The report also claims Britain should become a nation of early adopters by pushing regulators to proactively remove barriers to new emerging technologies, such as drones, lab-grown meat, and gene-editing.
The collection, which was a joint project from The Entrepreneurs Network and the Tony Blair Institute for Global Change (TBI), is also endorsed by former Prime Minister Tony Blair.
“The 21st century technology revolution is transformative, extraordinary in its consequences and impact and will and should dominate our thinking in the years to come,” the former Prime Minister said.
“No one doubts technology can also have negative effects, but the critical point is that for good or ill, it is changing the world.
This is the real-world event that is happening in our time, to our people and the world over. The challenge for politics is to understand it, master it, and harness it for good.”
He added: “Yet too often policymakers either ignore its importance or focus on questions like those to do with privacy which are important but limited; when the real debate should be around how we use technology to usher in a new advance of humankind."
One essay in The New Way collection calls for Britain to adopt a proactive approach to attracting the best and the brightest from around the world.
Arguing that the nation needs to go further than simply removing barriers in the visa system, it suggests the country should actively seek out promising young talent from across the globe and attract them to the UK with scholarships to study at British universities and support ground-breaking research.

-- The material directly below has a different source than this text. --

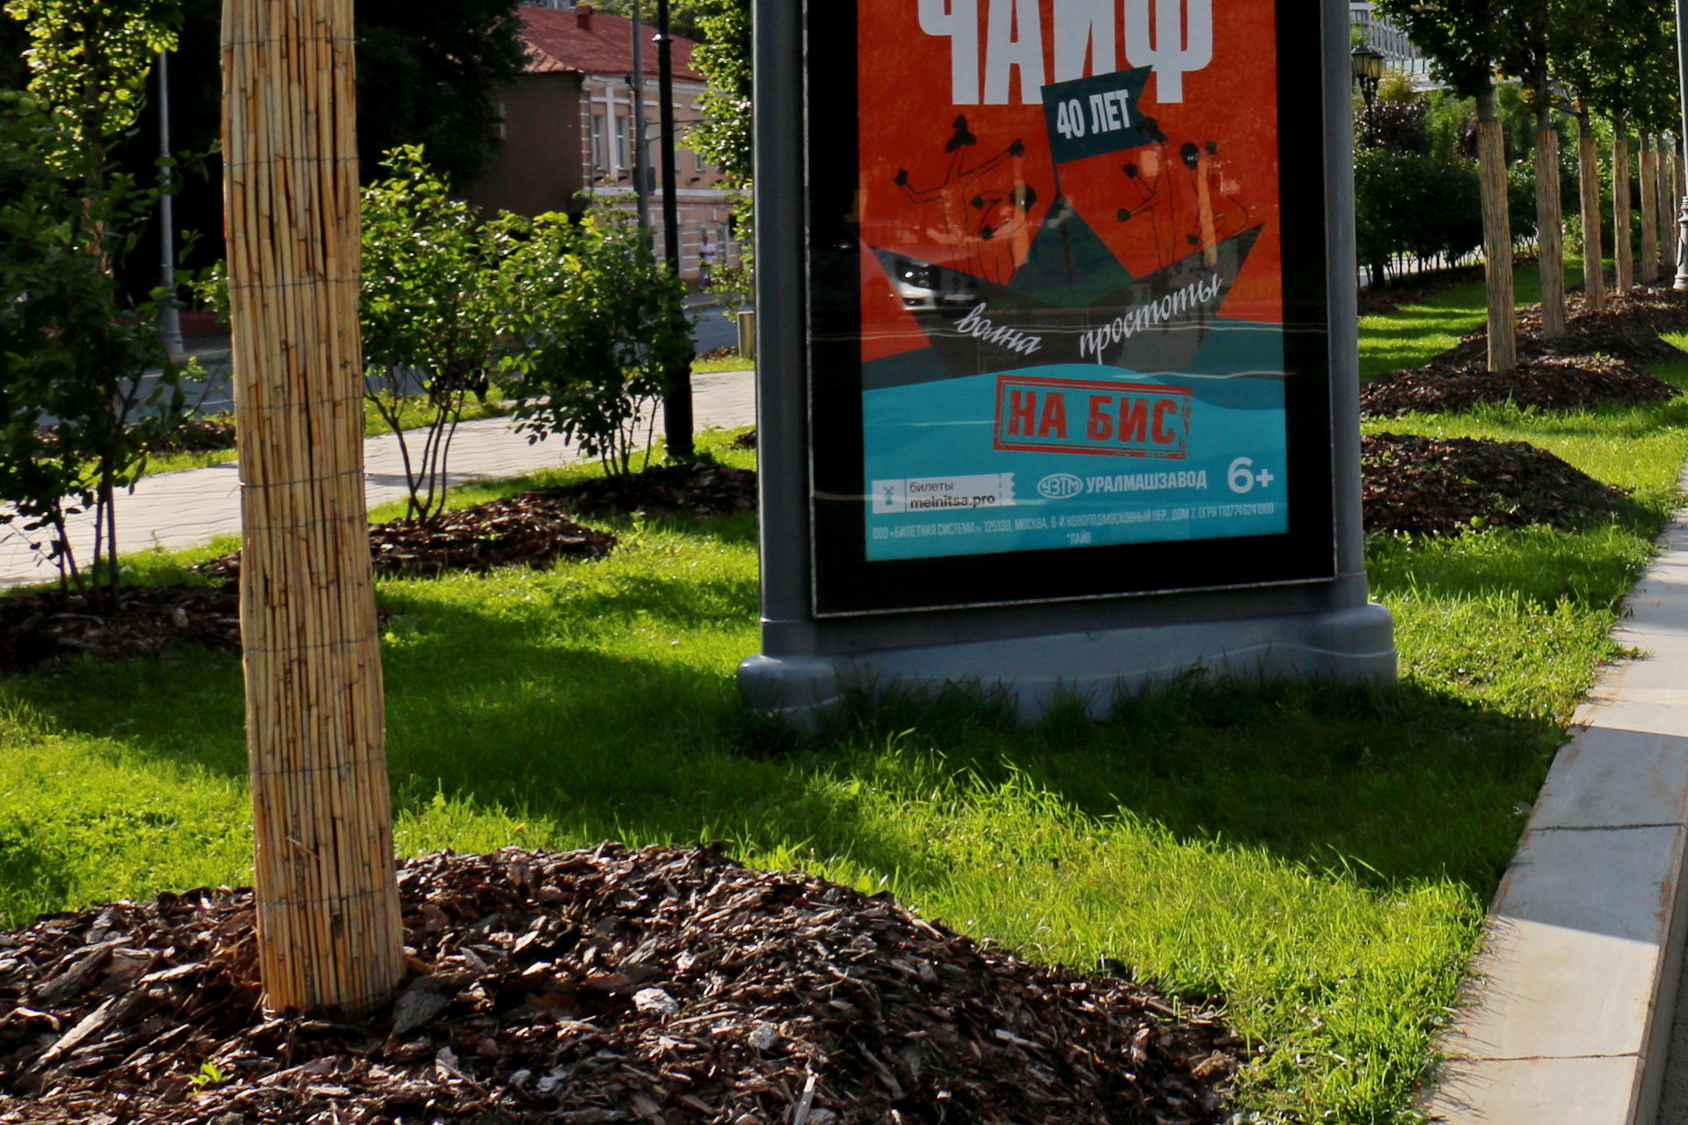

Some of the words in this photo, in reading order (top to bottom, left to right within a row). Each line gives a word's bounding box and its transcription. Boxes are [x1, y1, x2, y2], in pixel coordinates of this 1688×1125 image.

“Just as Premier League clubs invest heavily in scouting the next Neymar or Messi from South America, the UK should do the same in terms of finding the next Demis Hassabis or Katalin Karikó.” says Sam Dumitriu, Research Director at The Entrepreneurs Network and one of the report’s authors.
The authors also stress that it is not enough for Britain to invent the latest technology, we also need to become a nation of early adopters.
Philip Salter, Founder of The Entrepreneurs Network says: “Too often when talking about cutting-edge technology, most of the attention is focused on developing it within the UK.
"For people to really feel the benefits of new technology, they need to be able to buy it at home too.
"This is where the idea for Testbed Nation comes from – we want British people to be the first to order a drone-delivered lab-grown beef burger and take a self-driving car on their daily commute.”